◆ Saved data entries:
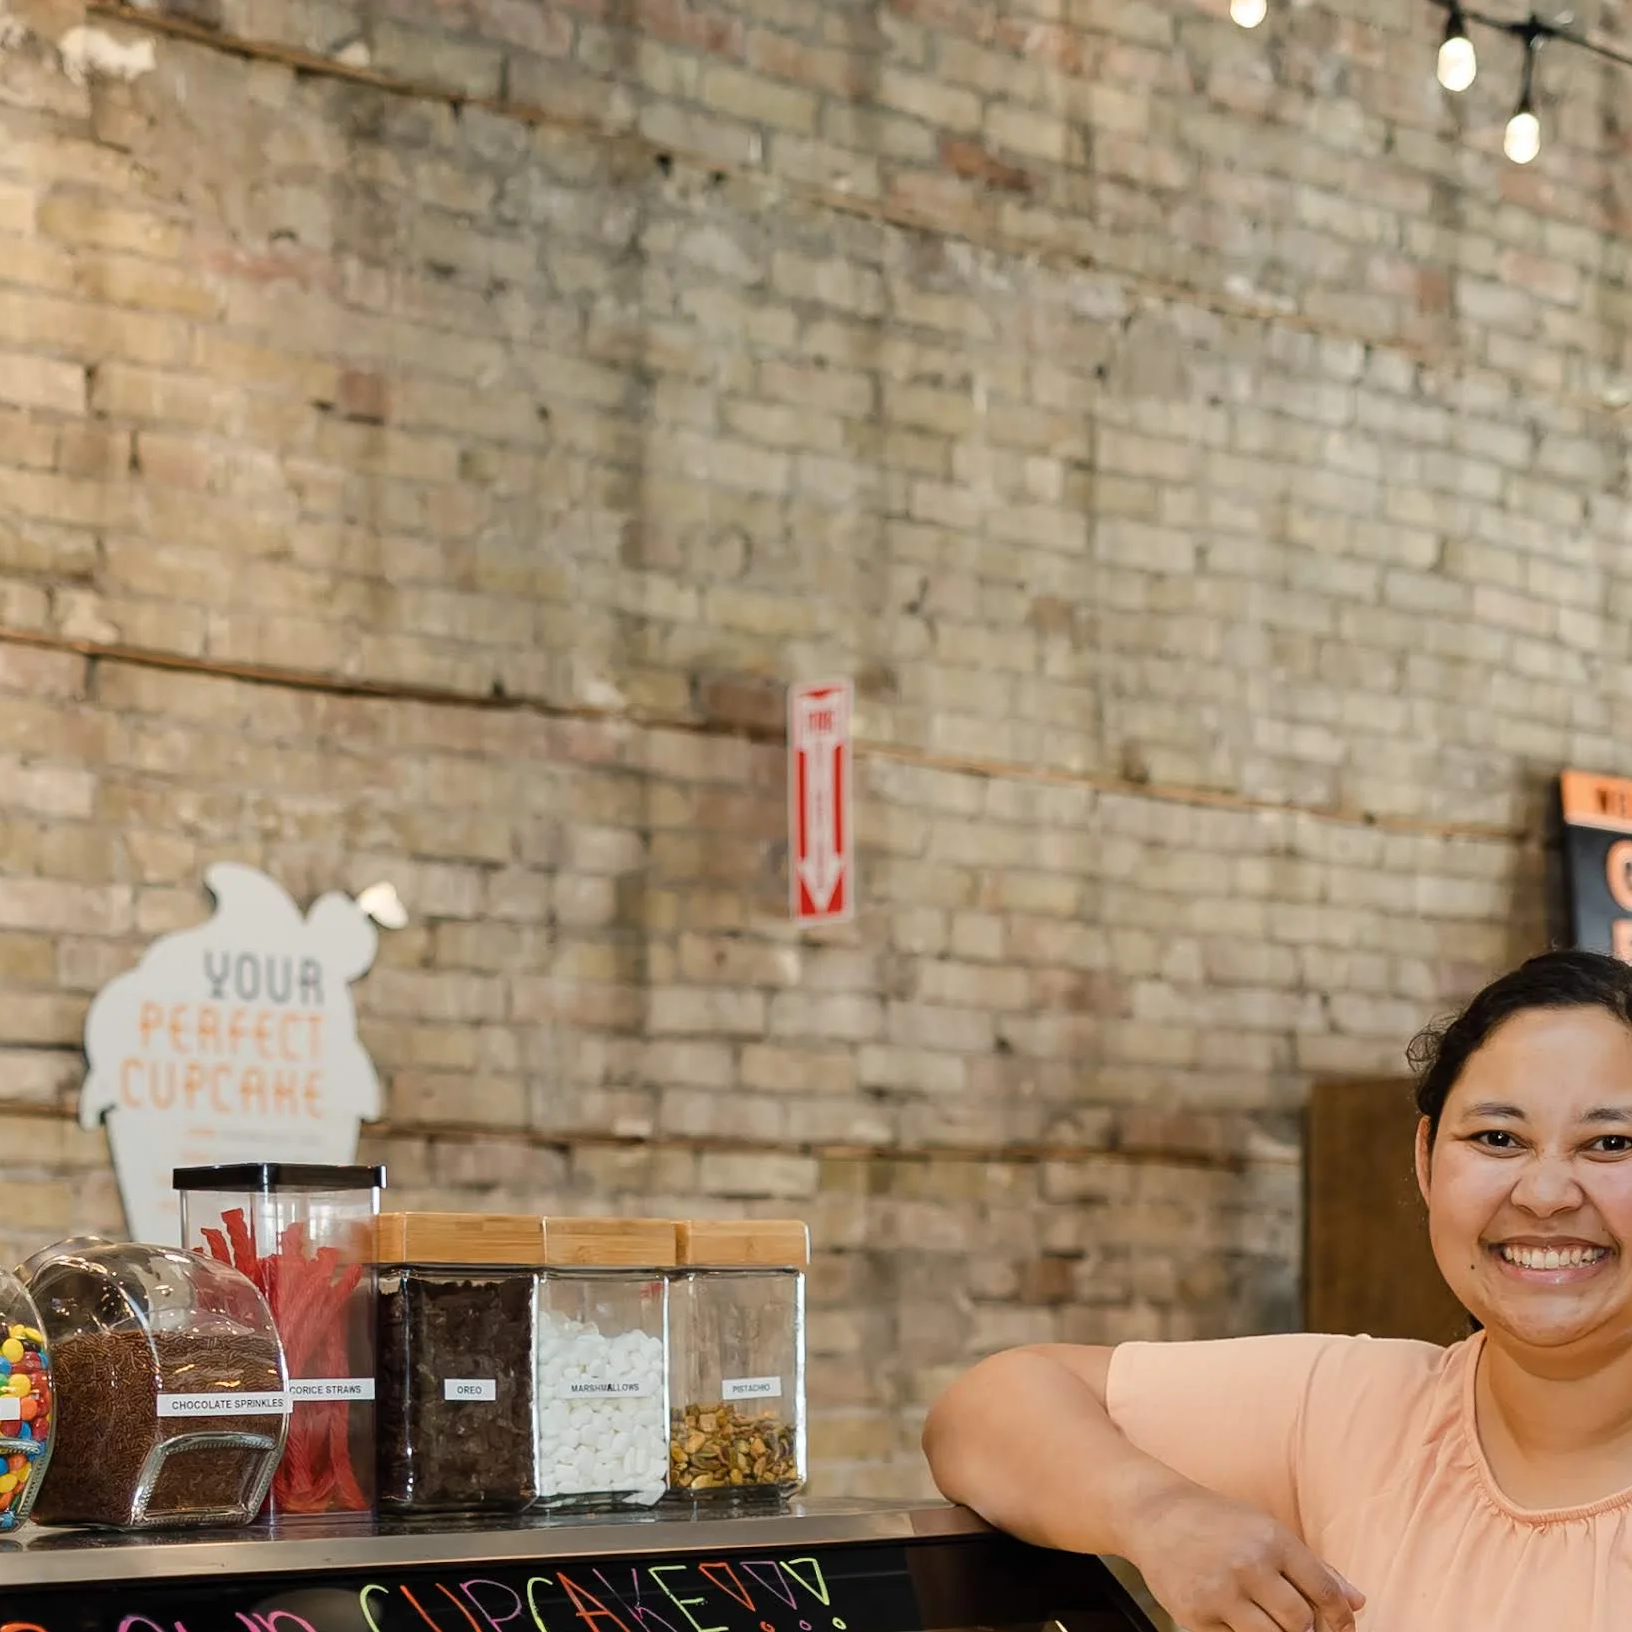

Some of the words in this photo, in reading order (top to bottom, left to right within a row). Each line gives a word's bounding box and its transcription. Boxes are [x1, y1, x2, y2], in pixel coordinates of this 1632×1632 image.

[202, 950, 325, 1006] YOUR
[138, 1002, 325, 1062] PERFECT
[119, 1057, 324, 1119] CUPCAKE
[325, 1384, 362, 1396] STRAWS
[456, 1385, 483, 1395] OREO
[570, 1383, 640, 1393] MARSHMALLOWS
[732, 1383, 771, 1393] PISTACHIO
[171, 1399, 232, 1411] CHOCOLATE
[234, 1398, 284, 1409] SPRINKLES
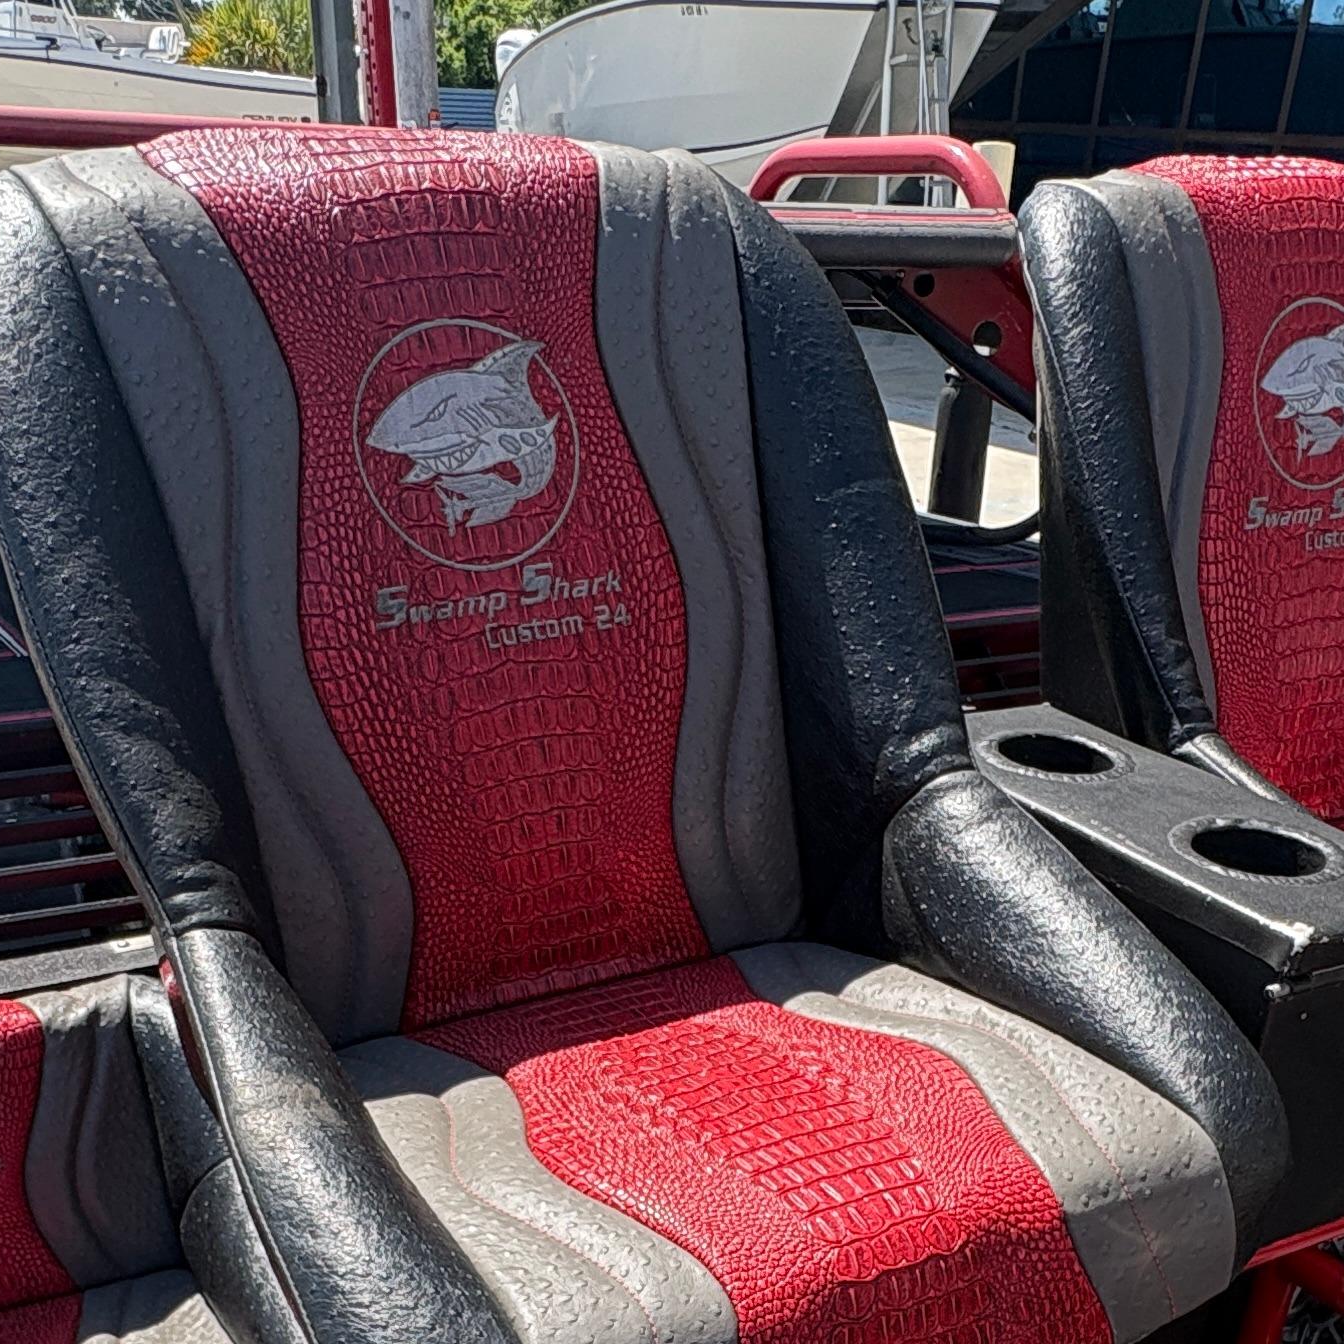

◆ Task directions:
Should the entries hold any pictures, please omit those and print the remaining text exactly.

◆ Response to the task:
Some of the words in this photo, in reading order (top to bottom, left to right within a row). Each line gives a word's bounding box and its transcription. Boxes are [x1, y1, x2, y2], in pixel coordinates of this 1632×1632 image.

[202, 950, 325, 1006] YOUR
[138, 1002, 325, 1062] PERFECT
[119, 1057, 324, 1119] CUPCAKE
[325, 1384, 362, 1396] STRAWS
[456, 1385, 483, 1395] OREO
[570, 1383, 640, 1393] MARSHMALLOWS
[732, 1383, 771, 1393] PISTACHIO
[171, 1399, 232, 1411] CHOCOLATE
[234, 1398, 284, 1409] SPRINKLES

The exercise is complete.